Übersicht Visuelle Programmiersprachen

Visuelle Programmiersprachen (VPL) ermöglichen die Erstellung von Programmen durch die grafische Manipulation von Elementen anstatt durch das Schreiben von Text. In der Welt der Technik und Informatik gibt es sehr unterschiedliche Ansätze, die je nach Zielgruppe und Anwendungsfall variieren.

1. Erziehungsorientierte und allgemeine Sprachen

Diese Sprachen dienen oft als Einstieg in die Logik der Programmierung. Sie abstrahieren komplexe Syntaxregeln in farbige Blöcke, die wie Puzzleteile zusammengesteckt werden.

  • Scratch: Die wohl bekannteste Sprache für Kinder und Jugendliche. Sie vermittelt spielerisch Konzepte wie Schleifen, Bedingungen und Variablen.

  • Blockly (Google): Eine Bibliothek, die visuelle Blöcke in textuellen Code (z. B. Python oder JavaScript) übersetzt.

  • M5Stack / UIFlow: Eine industrielle Anwendung von Blockly. Hier werden Mikrocontroller (ESP32) visuell programmiert, was den Prototypenbau extrem beschleunigt.


2. Visuelle Modellierung in der Informatik

Bevor Code geschrieben wird, nutzen Informatiker oft grafische Modelle, um Architekturen zu planen.

  • UML (Unified Modeling Language): Ein Standard zur Visualisierung von Softwaresystemen. Klassendiagramme oder Zustandsdiagramme sind hierbei die bekanntesten Werkzeuge.


3. Ingenieurswissenschaftliche Sprachen (Datenfluss)

In der Mess- und Regelungstechnik haben visuelle Sprachen eine dominierende Rolle, da sie den Fluss von Signalen und Daten intuitiv abbilden.

  • LabVIEW (National Instruments): Eine mächtige Umgebung, in der „Virtuelle Instrumente“ (VIs) durch das Verdrahten von Funktionsblöcken erstellt werden. Sie wird weltweit in Laboren und Prüfständen eingesetzt.

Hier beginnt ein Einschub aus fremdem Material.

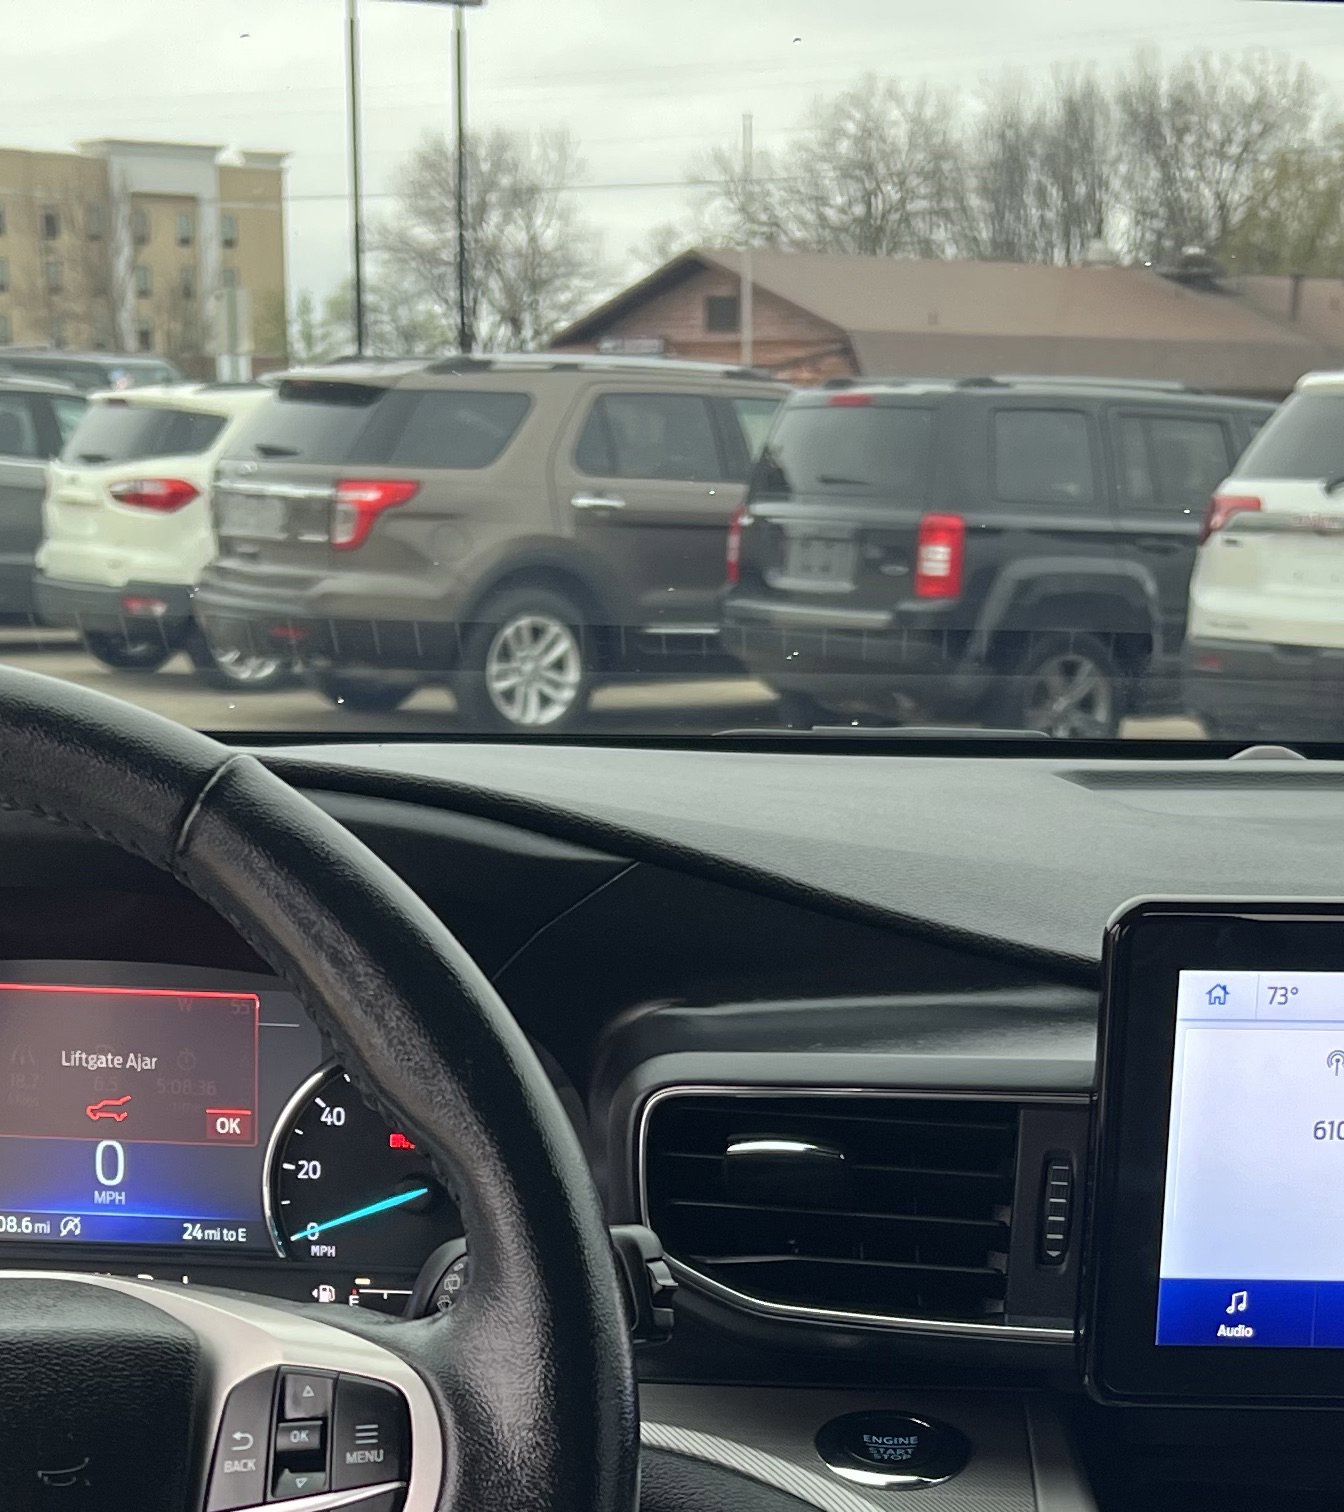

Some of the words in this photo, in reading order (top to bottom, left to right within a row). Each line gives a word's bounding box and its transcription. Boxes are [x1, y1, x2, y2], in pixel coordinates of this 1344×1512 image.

[1267, 986, 1299, 1005] 73°
[61, 1050, 124, 1071] Liftgate
[125, 1052, 159, 1072] Ajar
[320, 1107, 346, 1126] 40
[215, 1117, 241, 1135] OK
[94, 1139, 125, 1187] 0
[297, 1160, 322, 1180] 20
[94, 1191, 126, 1206] MPH
[34, 1221, 51, 1234] mi
[182, 1223, 203, 1240] 24
[204, 1227, 221, 1241] mi
[222, 1228, 236, 1242] to
[238, 1229, 247, 1242] E
[306, 1222, 320, 1241] 0
[310, 1245, 336, 1258] MPH
[1217, 1324, 1254, 1338] Audio
[290, 1430, 310, 1443] OK
[862, 1434, 919, 1445] ENGINE
[223, 1458, 256, 1473] BACK
[345, 1449, 384, 1465] MENU

4. Automatisierungstechnik (Industrieller Standard)

In der Industrie ist die visuelle Programmierung seit Jahrzehnten Standard, da sie direkt aus der Tradition der Elektrotechnik (Schaltpläne) und Verfahrenstechnik (Ablaufpläne) stammt.

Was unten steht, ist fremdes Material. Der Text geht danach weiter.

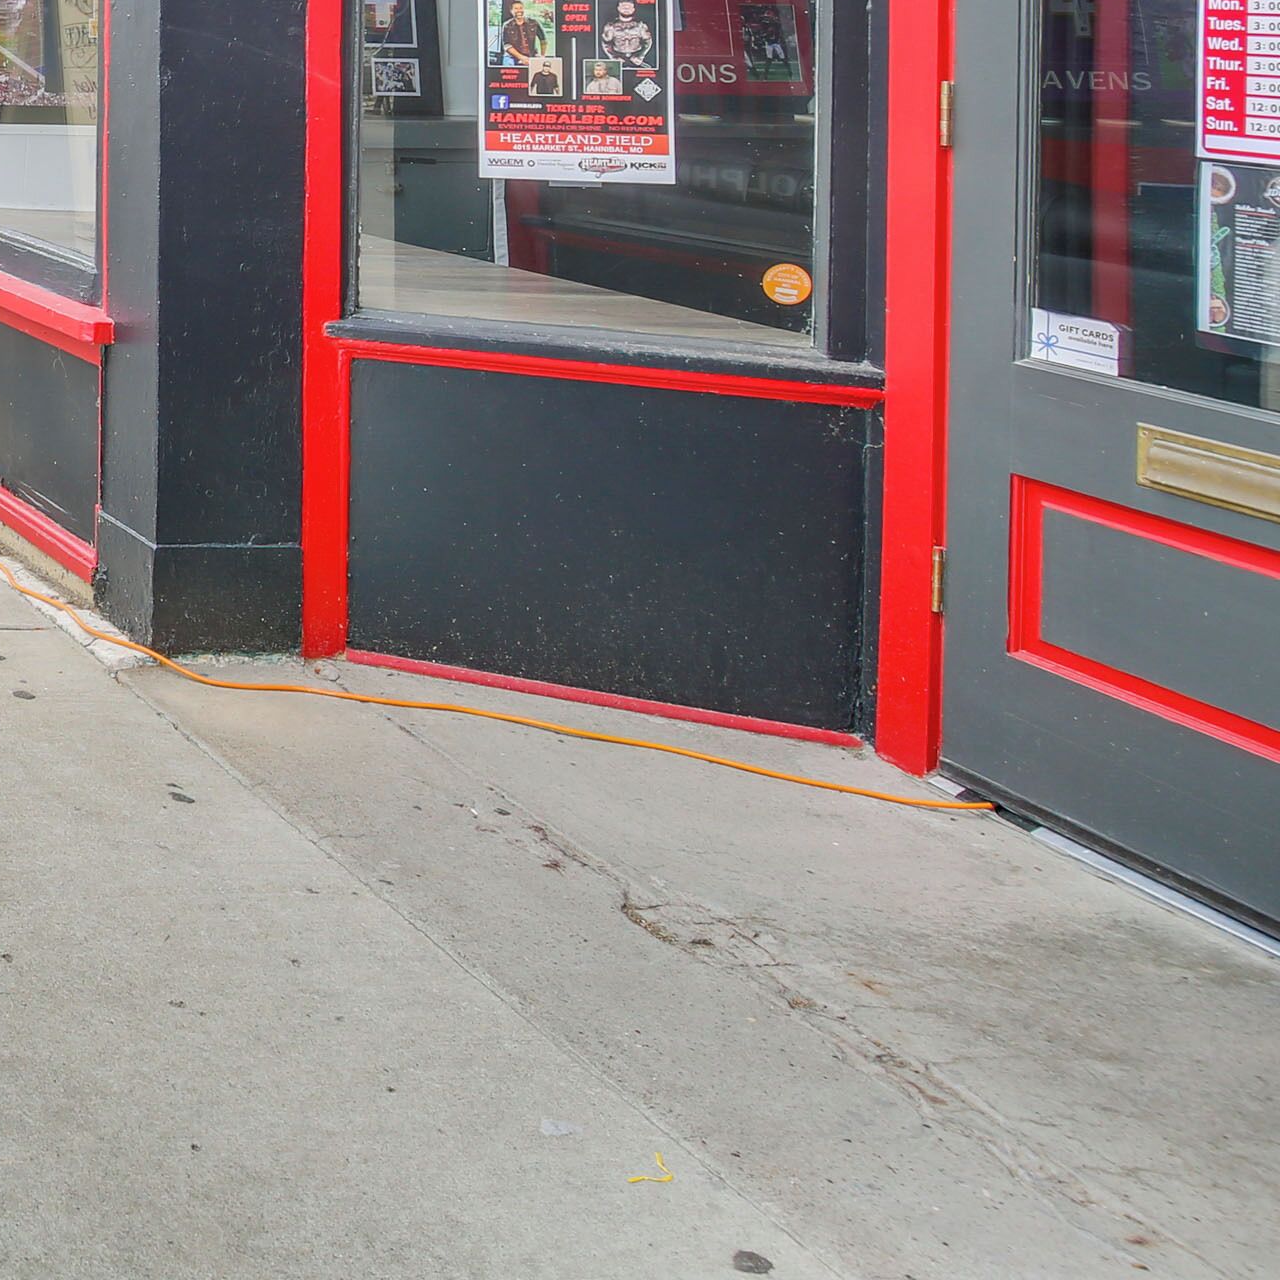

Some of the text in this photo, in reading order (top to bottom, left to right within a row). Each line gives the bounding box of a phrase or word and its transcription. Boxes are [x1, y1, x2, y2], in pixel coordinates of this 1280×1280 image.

[562, 4, 590, 12] GATES
[565, 14, 587, 22] OPEN
[1207, 17, 1246, 31] Tues.
[1207, 37, 1243, 51] Wed.
[1207, 57, 1244, 71] Thur.
[1042, 71, 1153, 91] AVENS
[1206, 77, 1230, 91] Fri.
[546, 104, 576, 113] TICKETS
[1206, 97, 1234, 111] Sat.
[489, 112, 663, 126] HANNIBALBBQ.COM
[1206, 117, 1238, 131] Sun.
[500, 133, 653, 146] HEARTLAND FIELD
[488, 158, 524, 167] WGEM
[1058, 324, 1114, 342] GIFT CARDS

Die Sprachen der IEC 61131-3

Dieser Standard definiert drei wesentliche visuelle Sprachen für Speicherprogrammierbare Steuerungen (SPS):

Kürzel

Bezeichnung (DE/EN)

Charakteristik

Anwendung

KOP / LD

Kontaktplan / Ladder Diagram

Sieht aus wie ein Stromlaufplan.

Einfache Logik, Verriegelungen.

FBS / FBD

Funktionsbausteinsprache / Function Block Diagram

Logikgatter und Funktionsblöcke werden verbunden.

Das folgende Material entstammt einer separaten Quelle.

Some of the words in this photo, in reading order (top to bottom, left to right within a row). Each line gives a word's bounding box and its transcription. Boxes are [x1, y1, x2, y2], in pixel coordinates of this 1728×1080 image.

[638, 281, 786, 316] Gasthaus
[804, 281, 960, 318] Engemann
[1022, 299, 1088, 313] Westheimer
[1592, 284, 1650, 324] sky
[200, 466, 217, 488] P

Komplexe Regelungen, mathematische Berechnungen.

AS / SFC

Ablaufsprache / Sequential Function Chart

Modellierung von Schritten und Übergängen (Transitionen).

Maschinenabläufe, Chargenprozesse (ähnlich GRAFCET).

Die Evolution: IEC 61499

Die IEC 61499 baut auf den Konzepten der IEC 61131-3 auf, führt aber entscheidende Neuerungen ein:

  1. Function Blocks (FB): Die Programmierung ähnelt der Funktionsbausteinsprache (FBS), ist aber strikt ereignisorientiert. Ein Block wird nur aktiv, wenn ein Ereignis (Event) eintrifft.

  2. ECC (Execution Control Chart): Innerhalb eines Bausteins steuert eine Zustandsmaschine (State Machine), welcher Algorithmus bei welchem Ereignis ausgeführt wird. Dies ermöglicht eine viel präzisere Kontrolle über das Systemverhalten als in klassischen SPS-Zyklen.


Warum visuelle Programmierung in der Industrie?

Die Automatisierungspyramide zeigt, dass auf den unteren Ebenen (Feld- und Steuerungsebene) Echtzeitfähigkeit und klare Diagnosemöglichkeiten zählen. Visuelle Programme lassen sich im Fehlerfall oft schneller „lesen“ und debuggen als tausende Zeilen Textcode. Sie schlagen die Brücke zwischen dem Schaltplan des Elektrikers und der Logik des Programmierers.